The men from the Craigieburn Community have been enjoying training with Commonwealth champion Michael Zerafa in boxing.
It’s been particularly interesting for Barry ‘Gabby’ Nolan who has an illustrious sporting career.
Here are their stories.
26-year-old Michael is a Craigieburn local and a familiar face with the community at Arcare. Michael is currently training for the Commonwealth World Title in June where he faces a tough competition with Anthony Mundine at Hisense Arena in front of 12,000 people.
Zerafa boasts an incredibly rigorous work ethic. He trains for a total of six hours a day, spread throughout three sessions. Not even Sundays are rest days for Michael, who completes a ‘huge run’ or even a session of yoga.
Michael talks about the perks that come with the controversial and dangerous sport of boxing. The decision to turn professional has afforded him the opportunity to travel, and the list of places he’s visited is impressive. ‘I’ve fought in Japan, Vegas, France, Issue and Russia,’ Michael proudly lists. He adds, ‘after my fight with Mundine, I’m heading to the UK to fight a pommie!’
Fights in these exotic, dreamland locations was not an easy gig to come by for Michael. He has been training since 12 when he started boxing in a local garage under his trainer and friend Sam Andruela.
He says the reason he took up boxing was to start a better life for himself.
Michael fought his way up the ranks, taking part in about 35 amateur fights. He also represented our proud nation at the Commonwealth Games in New Delhi in 2010.
Upon turning professional at 18, he gave up the chance to ever be eligible to represent Australia again.
Michael speaks about his passion for boxing and how he knew as soon as he started that he wanted to turn professional.
He played local footy as an additional sport but dropped that to focus on boxing.
Only now reaching his prime, he boasts an assortment of titles and accolade wins: Victorian super welterweight champion, the Australian title, the WBC Asian Continental title, WBC Oriental title, the Commonwealth World Title and the IBF Pan Pacific Championship title.

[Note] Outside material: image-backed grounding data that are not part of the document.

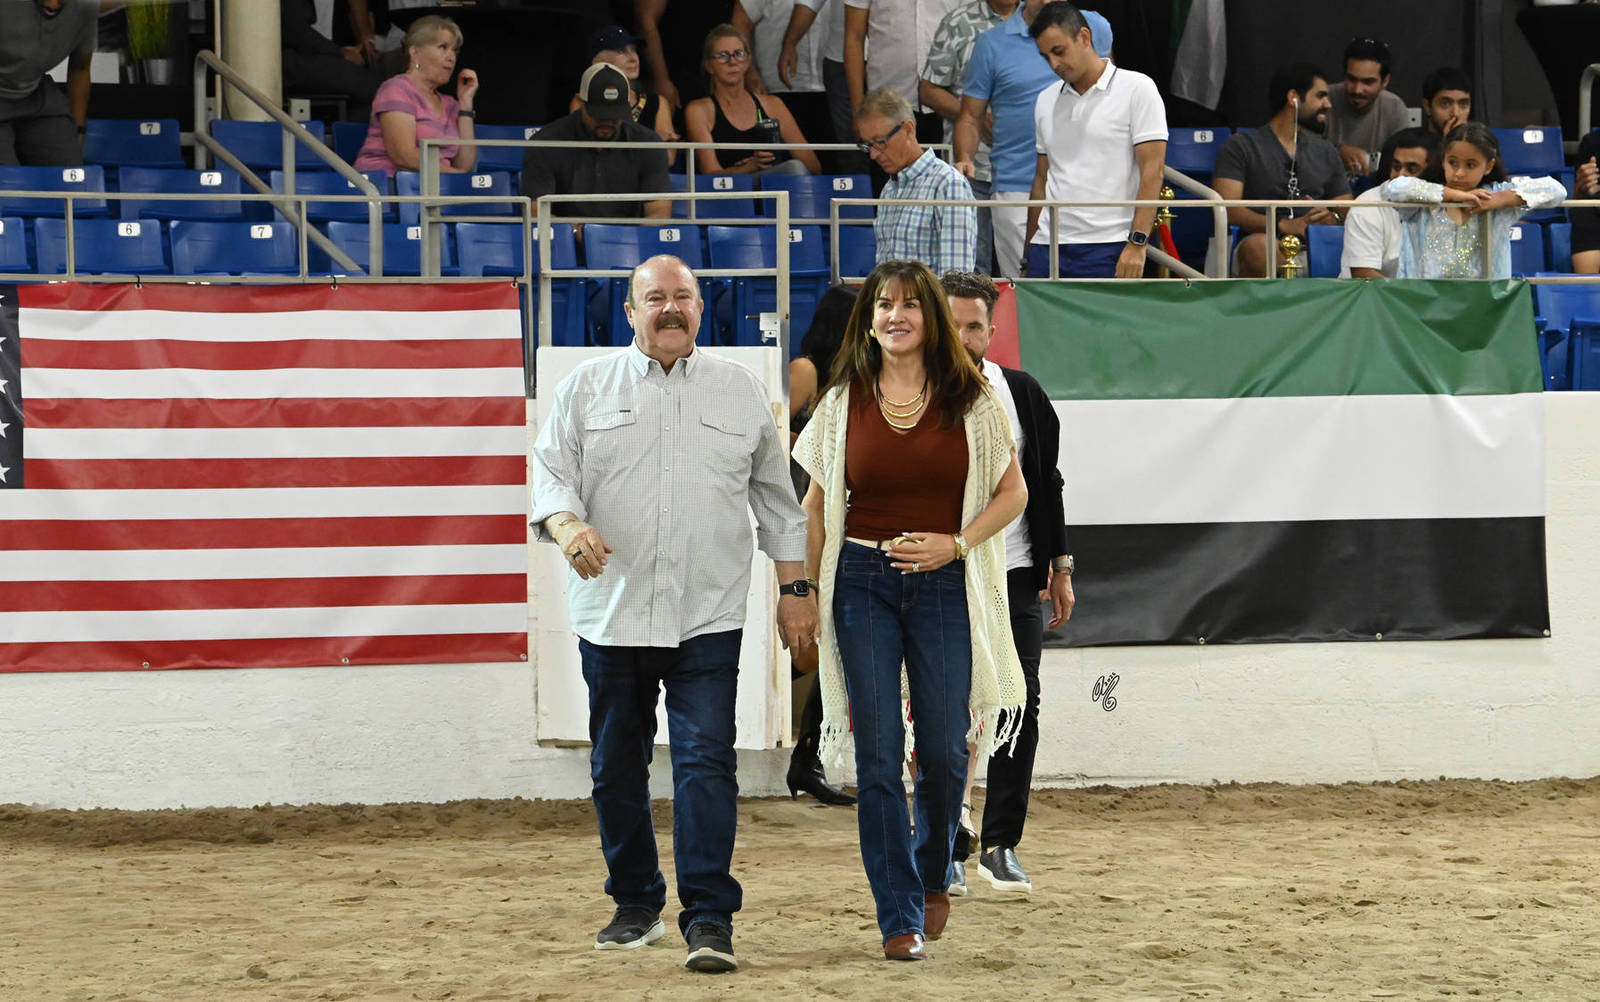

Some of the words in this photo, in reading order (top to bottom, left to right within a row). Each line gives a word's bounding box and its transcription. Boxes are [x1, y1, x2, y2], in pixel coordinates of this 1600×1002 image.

[146, 123, 153, 134] 7
[70, 169, 77, 181] 6
[207, 174, 213, 184] 7
[479, 176, 485, 186] 2
[720, 178, 726, 188] 4
[840, 179, 846, 190] 5
[126, 223, 132, 235] 6
[258, 226, 264, 237] 7
[415, 228, 420, 239] 1
[666, 230, 673, 241] 3
[789, 231, 795, 241] 4
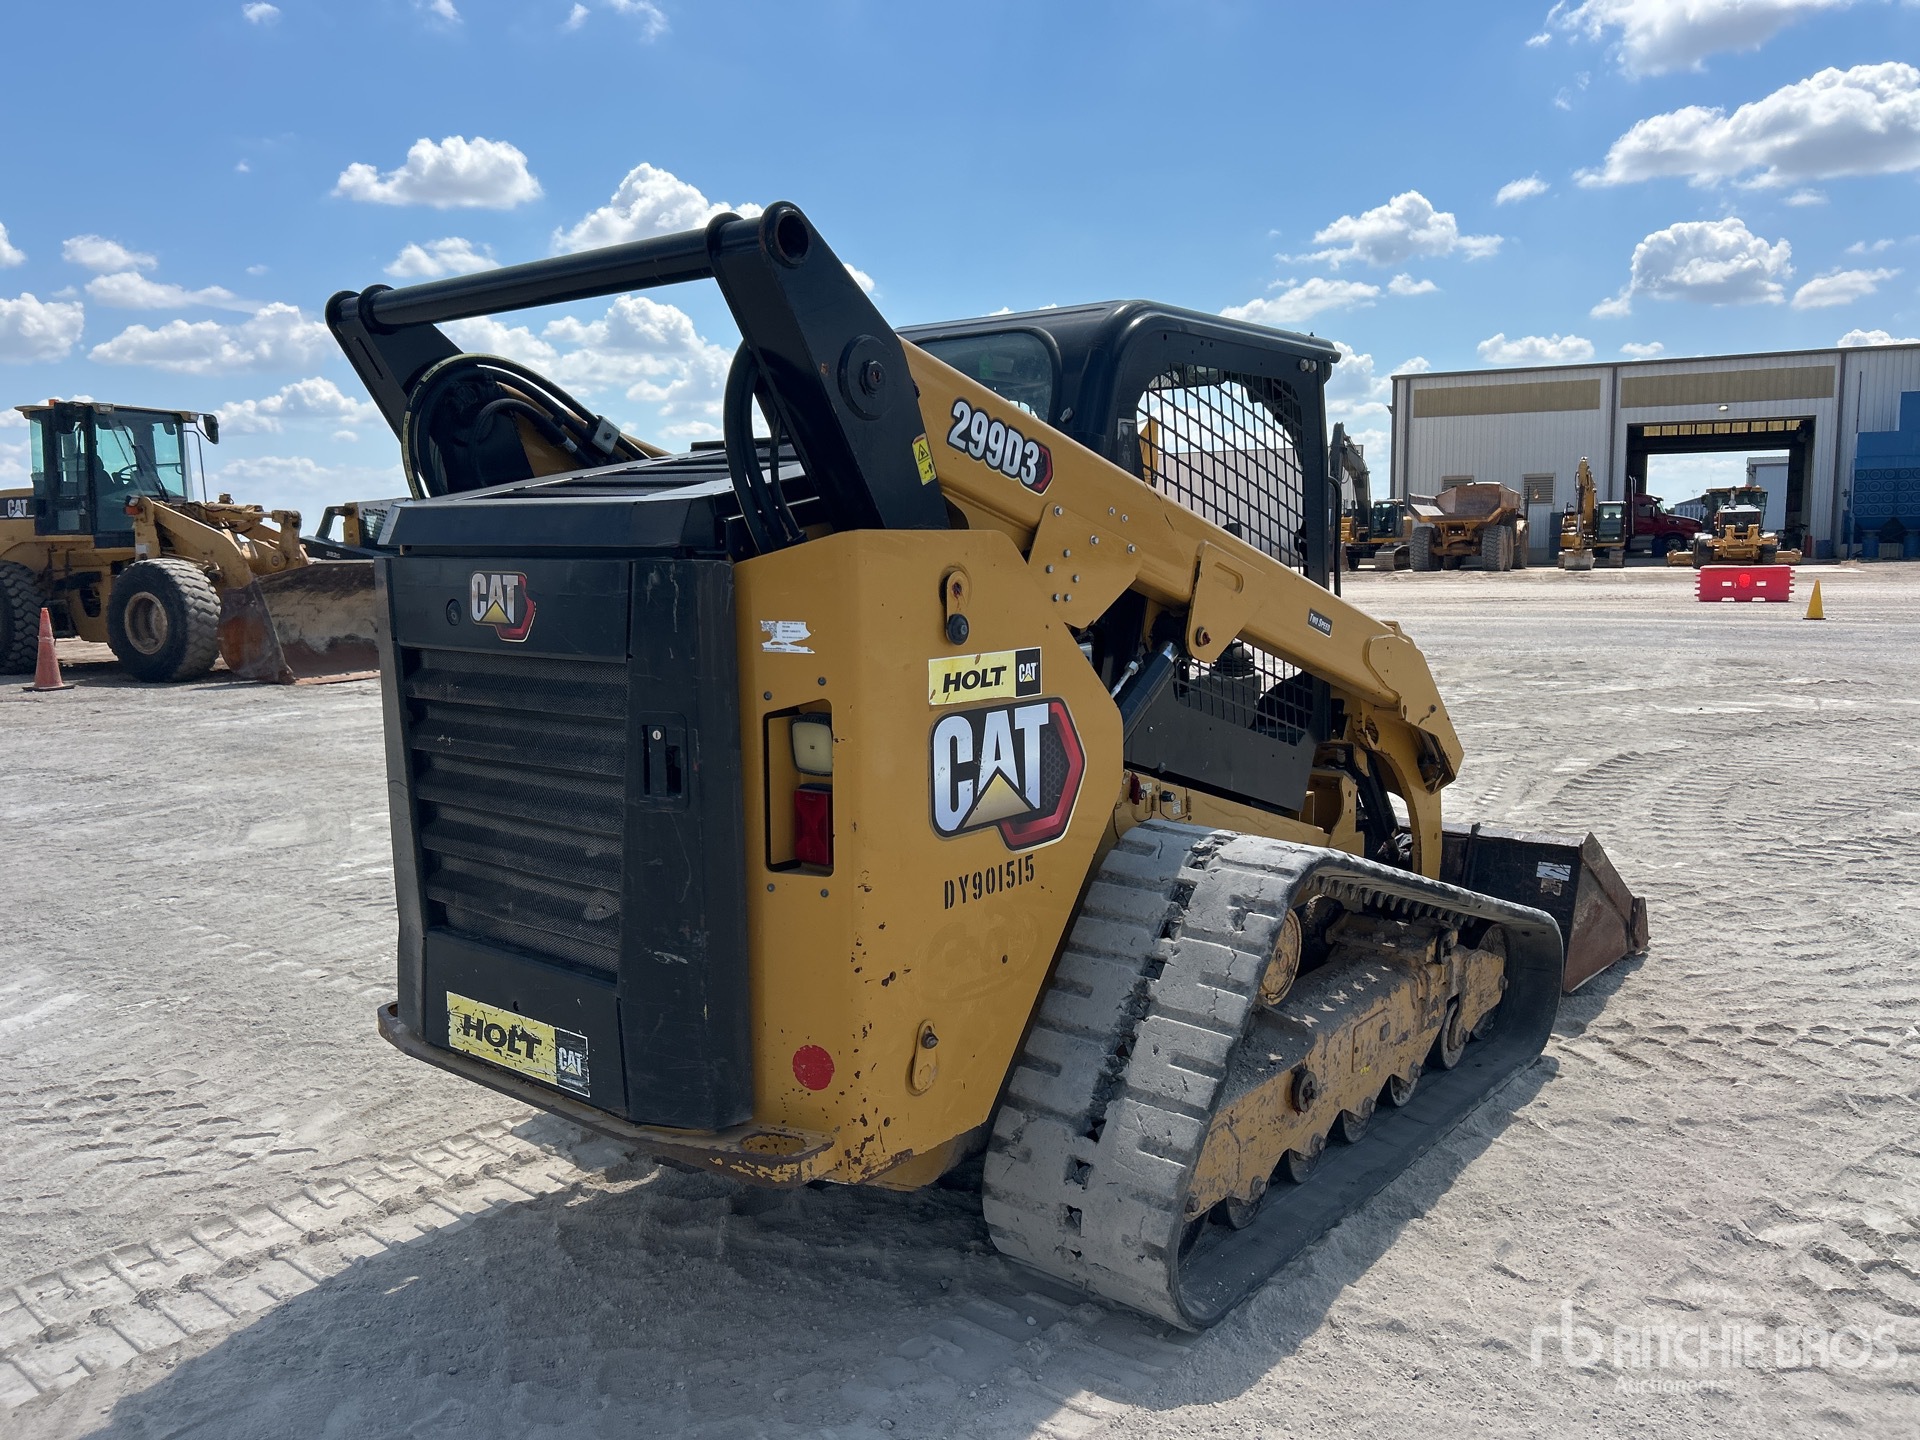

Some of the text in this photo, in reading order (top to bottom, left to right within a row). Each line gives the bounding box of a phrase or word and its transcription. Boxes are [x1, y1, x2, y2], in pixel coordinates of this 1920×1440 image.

[947, 400, 1040, 485] 299D3
[8, 499, 28, 517] CAT
[471, 573, 518, 624] CAT
[942, 662, 1037, 694] HOLT CAT
[933, 703, 1050, 832] CAT
[944, 854, 1035, 910] DY901515
[462, 1014, 583, 1077] HOLT CAT

More impressive than his wins is Michael’s demeanor. Michael runs boxing sessions with his local community, for the older Australians, the homeless and disabled children.

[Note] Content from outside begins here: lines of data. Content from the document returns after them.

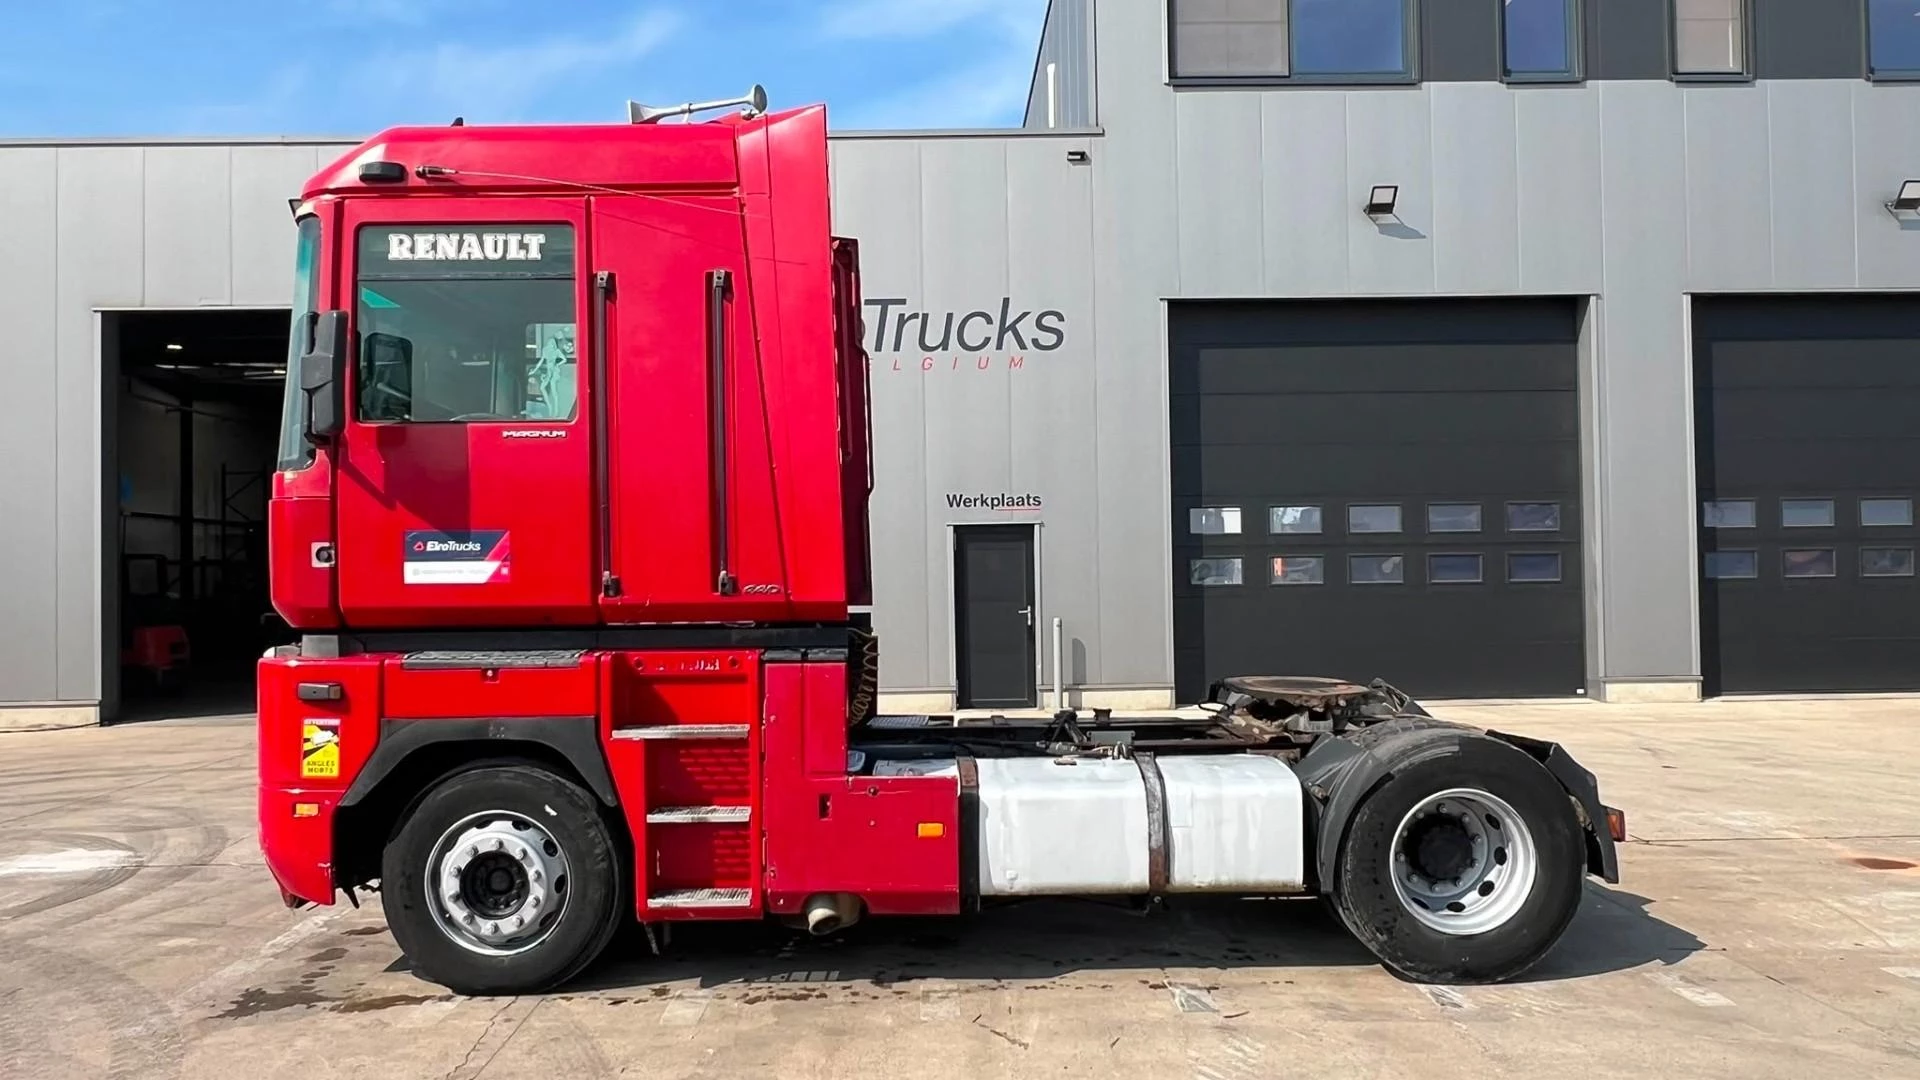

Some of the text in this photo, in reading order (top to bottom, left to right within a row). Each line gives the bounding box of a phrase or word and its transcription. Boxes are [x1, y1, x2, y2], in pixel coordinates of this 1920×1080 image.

[388, 233, 546, 261] RENAULT
[863, 297, 1066, 353] Trucks
[892, 356, 1024, 371] LGIUM
[502, 430, 568, 438] MAGNUM
[946, 493, 1042, 510] Werkplaats

We wish all the very best to Michael for his future endeavours and fights, and thank him for his time spent with our community.
Barry ‘Gaby’ Nolan, from Arcare Craigieburn, is man of many well-deserved sporting accolades.
He meddled for much of his life in two sports: AFL and boxing. Despite being his career, Barry admits with a chuckle that he was never initially very good at either.
Barry was not like most young athletes. He picked up the footy at age 14, a lot later than other young athletes. His first real encounter with footy came through St Joseph’s Secondary College in Brunswick where Mr Nolan tried his luck in making the school team.
Barry described himself at this time as ‘no good, too light and with no muscle’.
What young Barry lacked in footy dexterity, he made up for in grit and determination.
It was at this time that Barry started to join boxing sessions at the fabled Mighty Apollo Gym on Little Bourke Street. He began training with Johnny Cooper, a man Barry holds in high revernce for the time he devoted to Barry personally.
Invigorated by his newly-developed ability, strength, work ethic and support, Barry excelled.
At this time he made a friend named Wayne Bannister who is endearingly referred to as ‘Banno’. The story of how they met is a story of true footballing spirit indeed. Banno and Barry had met before, clashing horns several times in previous games for their respective clubs and schools.
Despite his newly accumulated strength and tenacity, Barry was still smaller than the majority of other footballers on the team. This made him an easy target. On one occasion, Wayne fought back after seeing Barry being picked on and, soon enough, they became best friends.
Barry’s first boxing match ended in a draw. Spurred on by the absence of glory, Barry enlisted to fight again a few weeks later.
Despite winning his second match, his boxing career was short-lived when his trainer told him that a life of boxing ‘wasn’t for him’.
He wasn’t discouraged and instead returned his focus to football where his journey began.
This turned out to be a wise decision as he was recruited by the Brunswick ‘Wicks’ of the VFA. To their goof fortune, Barry domninated. In just his second year back from his boxing stint, he proceeded to earn himself the honour of receiving the Liston Trophy in 1978: an award presented to the best and fairest player in the league for that year.
During the next ten years he earned himself the title of one of the legends of the game. Barry’s love for the game was unwavering and continued long after his retirement as a player.
He coached for several years at various clubs around Victoria and NSW.
Barry is a humble and courteous individual who is a friend to many in the Craigieburn Community.